== To do ==
Exact repetition is required: reproduce every line of the data.

== Information supplied ==
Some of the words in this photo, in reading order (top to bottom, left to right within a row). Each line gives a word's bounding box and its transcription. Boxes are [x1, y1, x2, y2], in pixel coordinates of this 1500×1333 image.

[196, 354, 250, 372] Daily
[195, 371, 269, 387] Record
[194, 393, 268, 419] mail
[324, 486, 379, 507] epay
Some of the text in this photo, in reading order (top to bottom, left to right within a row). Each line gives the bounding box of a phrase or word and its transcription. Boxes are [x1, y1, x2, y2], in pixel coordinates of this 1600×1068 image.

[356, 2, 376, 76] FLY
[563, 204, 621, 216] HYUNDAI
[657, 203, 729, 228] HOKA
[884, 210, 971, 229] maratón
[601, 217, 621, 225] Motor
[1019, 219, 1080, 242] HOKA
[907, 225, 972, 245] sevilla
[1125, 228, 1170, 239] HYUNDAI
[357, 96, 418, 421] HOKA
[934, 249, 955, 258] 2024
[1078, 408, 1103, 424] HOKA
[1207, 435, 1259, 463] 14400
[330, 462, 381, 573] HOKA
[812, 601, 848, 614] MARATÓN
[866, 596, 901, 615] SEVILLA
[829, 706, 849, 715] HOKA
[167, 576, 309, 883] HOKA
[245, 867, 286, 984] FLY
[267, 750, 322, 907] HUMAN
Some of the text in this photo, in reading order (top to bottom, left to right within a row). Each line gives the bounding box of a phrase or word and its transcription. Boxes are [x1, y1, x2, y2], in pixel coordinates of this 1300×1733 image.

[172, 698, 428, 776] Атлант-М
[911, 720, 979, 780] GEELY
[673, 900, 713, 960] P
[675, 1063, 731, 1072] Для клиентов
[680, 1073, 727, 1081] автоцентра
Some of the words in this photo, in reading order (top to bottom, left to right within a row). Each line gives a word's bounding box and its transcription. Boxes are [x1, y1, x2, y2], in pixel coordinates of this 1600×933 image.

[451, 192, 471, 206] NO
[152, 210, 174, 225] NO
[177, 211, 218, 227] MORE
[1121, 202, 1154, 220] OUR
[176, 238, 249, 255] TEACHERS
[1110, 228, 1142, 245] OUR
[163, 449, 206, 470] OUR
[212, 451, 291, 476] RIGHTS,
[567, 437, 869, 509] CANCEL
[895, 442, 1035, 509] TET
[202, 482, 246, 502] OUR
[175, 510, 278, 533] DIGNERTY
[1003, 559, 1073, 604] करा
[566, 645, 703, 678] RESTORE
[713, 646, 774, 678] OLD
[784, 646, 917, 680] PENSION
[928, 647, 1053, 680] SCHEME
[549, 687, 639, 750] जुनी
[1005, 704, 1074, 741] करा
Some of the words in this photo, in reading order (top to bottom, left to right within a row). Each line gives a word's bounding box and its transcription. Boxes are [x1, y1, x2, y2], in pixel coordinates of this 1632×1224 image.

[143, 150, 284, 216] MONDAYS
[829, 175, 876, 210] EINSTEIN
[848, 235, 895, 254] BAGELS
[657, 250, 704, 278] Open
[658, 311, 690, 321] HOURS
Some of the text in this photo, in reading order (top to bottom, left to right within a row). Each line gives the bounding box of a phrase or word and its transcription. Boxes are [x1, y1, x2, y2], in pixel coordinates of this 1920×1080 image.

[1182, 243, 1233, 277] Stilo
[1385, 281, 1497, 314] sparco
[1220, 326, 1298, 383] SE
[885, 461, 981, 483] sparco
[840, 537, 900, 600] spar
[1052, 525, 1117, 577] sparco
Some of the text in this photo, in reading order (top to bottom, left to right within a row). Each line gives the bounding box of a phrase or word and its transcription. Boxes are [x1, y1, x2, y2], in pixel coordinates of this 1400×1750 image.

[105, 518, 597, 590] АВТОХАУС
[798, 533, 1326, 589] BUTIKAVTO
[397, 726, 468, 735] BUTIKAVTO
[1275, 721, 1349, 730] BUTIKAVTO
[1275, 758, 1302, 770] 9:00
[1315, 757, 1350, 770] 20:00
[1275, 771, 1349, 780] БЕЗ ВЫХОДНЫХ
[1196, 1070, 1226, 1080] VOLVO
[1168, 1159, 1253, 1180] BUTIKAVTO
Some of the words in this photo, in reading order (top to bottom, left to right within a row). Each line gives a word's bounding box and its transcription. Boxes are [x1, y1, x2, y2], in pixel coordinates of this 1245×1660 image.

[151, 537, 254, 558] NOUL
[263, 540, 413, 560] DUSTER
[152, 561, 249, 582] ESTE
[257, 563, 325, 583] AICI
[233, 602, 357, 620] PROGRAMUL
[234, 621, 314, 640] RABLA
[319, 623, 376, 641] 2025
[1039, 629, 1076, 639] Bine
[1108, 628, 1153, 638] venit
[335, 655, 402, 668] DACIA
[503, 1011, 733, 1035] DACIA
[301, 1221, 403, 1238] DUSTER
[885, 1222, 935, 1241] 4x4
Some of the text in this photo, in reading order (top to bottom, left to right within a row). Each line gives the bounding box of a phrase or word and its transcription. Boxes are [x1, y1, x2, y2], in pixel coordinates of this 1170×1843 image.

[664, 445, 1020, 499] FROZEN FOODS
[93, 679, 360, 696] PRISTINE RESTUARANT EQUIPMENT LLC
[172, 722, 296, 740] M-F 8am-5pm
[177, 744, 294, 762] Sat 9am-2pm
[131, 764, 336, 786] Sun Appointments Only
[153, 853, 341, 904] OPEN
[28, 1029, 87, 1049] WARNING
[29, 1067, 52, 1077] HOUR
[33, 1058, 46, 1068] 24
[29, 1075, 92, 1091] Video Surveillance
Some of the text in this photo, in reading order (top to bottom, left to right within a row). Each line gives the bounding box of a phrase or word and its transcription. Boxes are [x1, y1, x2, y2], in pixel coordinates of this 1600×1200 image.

== Answer space ==
Some of the words in this photo, in reading order (top to bottom, left to right within a row). Each line gives a word's bounding box and its transcription. Boxes are [x1, y1, x2, y2], in pixel coordinates of this 1500×1333 image.

[196, 354, 250, 372] Daily
[195, 371, 269, 387] Record
[194, 393, 268, 419] mail
[324, 486, 379, 507] epay
Some of the text in this photo, in reading order (top to bottom, left to right within a row). Each line gives the bounding box of a phrase or word and its transcription. Boxes are [x1, y1, x2, y2], in pixel coordinates of this 1600×1068 image.

[356, 2, 376, 76] FLY
[563, 204, 621, 216] HYUNDAI
[657, 203, 729, 228] HOKA
[884, 210, 971, 229] maratón
[601, 217, 621, 225] Motor
[1019, 219, 1080, 242] HOKA
[907, 225, 972, 245] sevilla
[1125, 228, 1170, 239] HYUNDAI
[357, 96, 418, 421] HOKA
[934, 249, 955, 258] 2024
[1078, 408, 1103, 424] HOKA
[1207, 435, 1259, 463] 14400
[330, 462, 381, 573] HOKA
[812, 601, 848, 614] MARATÓN
[866, 596, 901, 615] SEVILLA
[829, 706, 849, 715] HOKA
[167, 576, 309, 883] HOKA
[245, 867, 286, 984] FLY
[267, 750, 322, 907] HUMAN
Some of the text in this photo, in reading order (top to bottom, left to right within a row). Each line gives the bounding box of a phrase or word and its transcription. Boxes are [x1, y1, x2, y2], in pixel coordinates of this 1300×1733 image.

[172, 698, 428, 776] Атлант-М
[911, 720, 979, 780] GEELY
[673, 900, 713, 960] P
[675, 1063, 731, 1072] Для клиентов
[680, 1073, 727, 1081] автоцентра
Some of the words in this photo, in reading order (top to bottom, left to right within a row). Each line gives a word's bounding box and its transcription. Boxes are [x1, y1, x2, y2], in pixel coordinates of this 1600×933 image.

[451, 192, 471, 206] NO
[152, 210, 174, 225] NO
[177, 211, 218, 227] MORE
[1121, 202, 1154, 220] OUR
[176, 238, 249, 255] TEACHERS
[1110, 228, 1142, 245] OUR
[163, 449, 206, 470] OUR
[212, 451, 291, 476] RIGHTS,
[567, 437, 869, 509] CANCEL
[895, 442, 1035, 509] TET
[202, 482, 246, 502] OUR
[175, 510, 278, 533] DIGNERTY
[1003, 559, 1073, 604] करा
[566, 645, 703, 678] RESTORE
[713, 646, 774, 678] OLD
[784, 646, 917, 680] PENSION
[928, 647, 1053, 680] SCHEME
[549, 687, 639, 750] जुनी
[1005, 704, 1074, 741] करा
Some of the words in this photo, in reading order (top to bottom, left to right within a row). Each line gives a word's bounding box and its transcription. Boxes are [x1, y1, x2, y2], in pixel coordinates of this 1632×1224 image.

[143, 150, 284, 216] MONDAYS
[829, 175, 876, 210] EINSTEIN
[848, 235, 895, 254] BAGELS
[657, 250, 704, 278] Open
[658, 311, 690, 321] HOURS
Some of the text in this photo, in reading order (top to bottom, left to right within a row). Each line gives the bounding box of a phrase or word and its transcription. Boxes are [x1, y1, x2, y2], in pixel coordinates of this 1920×1080 image.

[1182, 243, 1233, 277] Stilo
[1385, 281, 1497, 314] sparco
[1220, 326, 1298, 383] SE
[885, 461, 981, 483] sparco
[840, 537, 900, 600] spar
[1052, 525, 1117, 577] sparco
Some of the text in this photo, in reading order (top to bottom, left to right within a row). Each line gives the bounding box of a phrase or word and its transcription. Boxes are [x1, y1, x2, y2], in pixel coordinates of this 1400×1750 image.

[105, 518, 597, 590] АВТОХАУС
[798, 533, 1326, 589] BUTIKAVTO
[397, 726, 468, 735] BUTIKAVTO
[1275, 721, 1349, 730] BUTIKAVTO
[1275, 758, 1302, 770] 9:00
[1315, 757, 1350, 770] 20:00
[1275, 771, 1349, 780] БЕЗ ВЫХОДНЫХ
[1196, 1070, 1226, 1080] VOLVO
[1168, 1159, 1253, 1180] BUTIKAVTO
Some of the words in this photo, in reading order (top to bottom, left to right within a row). Each line gives a word's bounding box and its transcription. Boxes are [x1, y1, x2, y2], in pixel coordinates of this 1245×1660 image.

[151, 537, 254, 558] NOUL
[263, 540, 413, 560] DUSTER
[152, 561, 249, 582] ESTE
[257, 563, 325, 583] AICI
[233, 602, 357, 620] PROGRAMUL
[234, 621, 314, 640] RABLA
[319, 623, 376, 641] 2025
[1039, 629, 1076, 639] Bine
[1108, 628, 1153, 638] venit
[335, 655, 402, 668] DACIA
[503, 1011, 733, 1035] DACIA
[301, 1221, 403, 1238] DUSTER
[885, 1222, 935, 1241] 4x4
Some of the text in this photo, in reading order (top to bottom, left to right within a row). Each line gives the bounding box of a phrase or word and its transcription. Boxes are [x1, y1, x2, y2], in pixel coordinates of this 1170×1843 image.

[664, 445, 1020, 499] FROZEN FOODS
[93, 679, 360, 696] PRISTINE RESTUARANT EQUIPMENT LLC
[172, 722, 296, 740] M-F 8am-5pm
[177, 744, 294, 762] Sat 9am-2pm
[131, 764, 336, 786] Sun Appointments Only
[153, 853, 341, 904] OPEN
[28, 1029, 87, 1049] WARNING
[29, 1067, 52, 1077] HOUR
[33, 1058, 46, 1068] 24
[29, 1075, 92, 1091] Video Surveillance
Some of the text in this photo, in reading order (top to bottom, left to right within a row). Each line gives the bounding box of a phrase or word and its transcription. Boxes are [x1, y1, x2, y2], in pixel coordinates of this 1600×1200 image.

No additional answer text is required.